Text-to-region grounding data

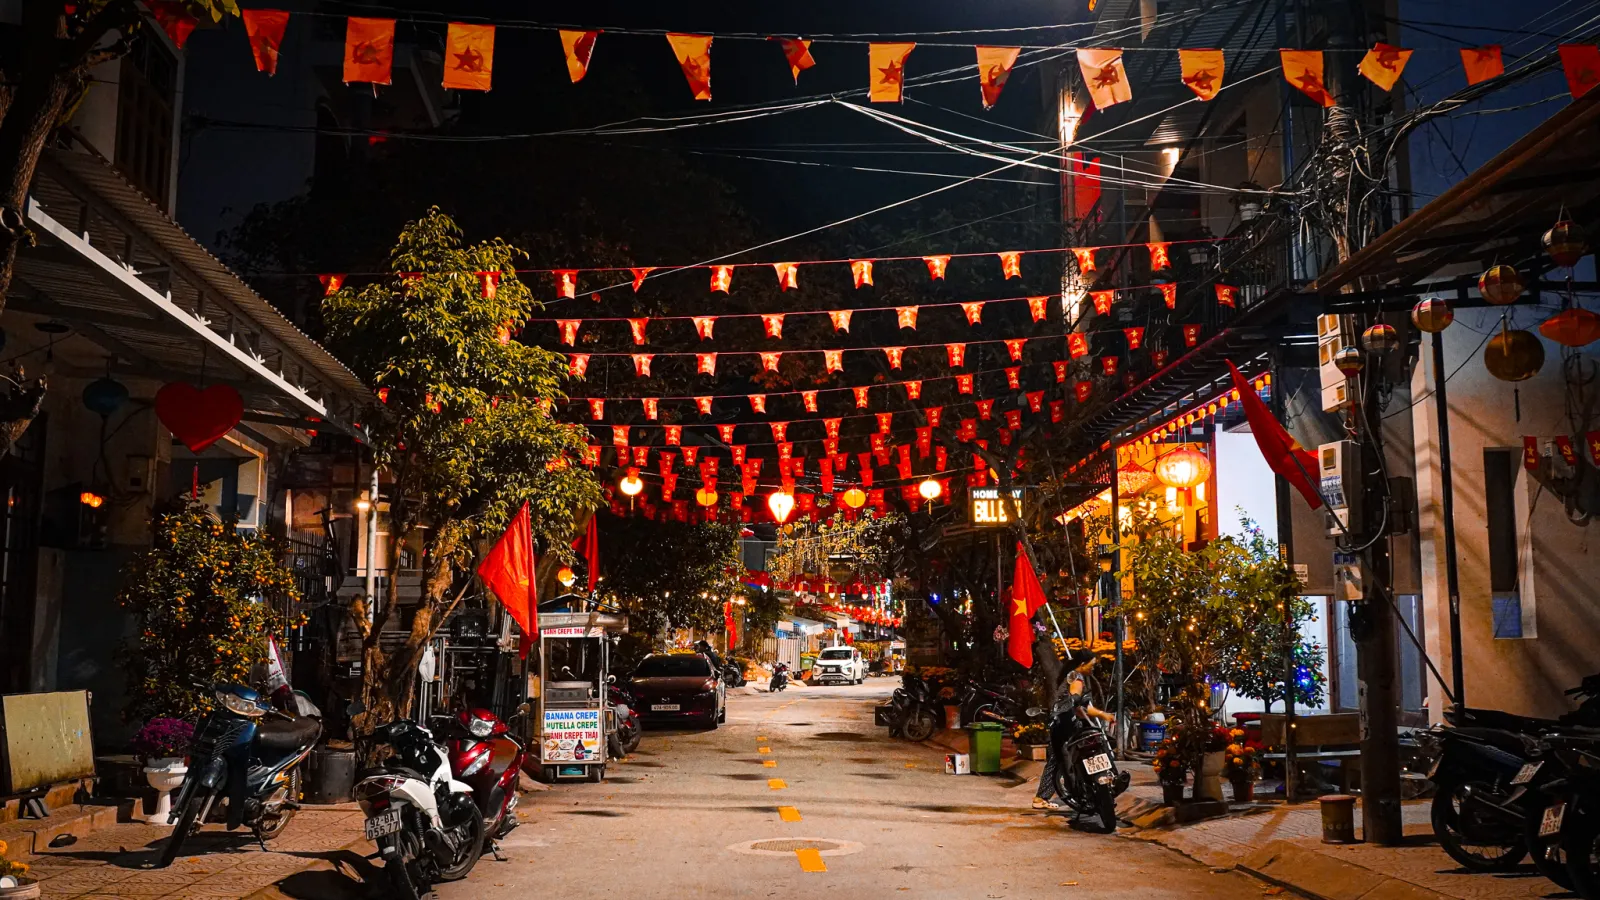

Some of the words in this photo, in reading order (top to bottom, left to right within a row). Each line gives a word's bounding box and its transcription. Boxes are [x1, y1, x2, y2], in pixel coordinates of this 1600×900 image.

[973, 490, 1021, 499] HOMEY
[545, 712, 574, 720] BANANA
[575, 711, 598, 720] CREPE
[576, 721, 598, 729] CREPE
[564, 732, 583, 740] CREPE
[370, 812, 395, 829] 92-BA
[368, 820, 399, 839] 055.77

• **ACTIVITY**
Exact reproduction of the entries above is what's needed; images stay out.

• **ANSWER TO THE EXERCISE**
Some of the words in this photo, in reading order (top to bottom, left to right within a row). Each line gives a word's bounding box and its transcription. Boxes are [x1, y1, x2, y2], in pixel coordinates of this 1600×900 image.

[973, 490, 1021, 499] HOMEY
[545, 712, 574, 720] BANANA
[575, 711, 598, 720] CREPE
[576, 721, 598, 729] CREPE
[564, 732, 583, 740] CREPE
[370, 812, 395, 829] 92-BA
[368, 820, 399, 839] 055.77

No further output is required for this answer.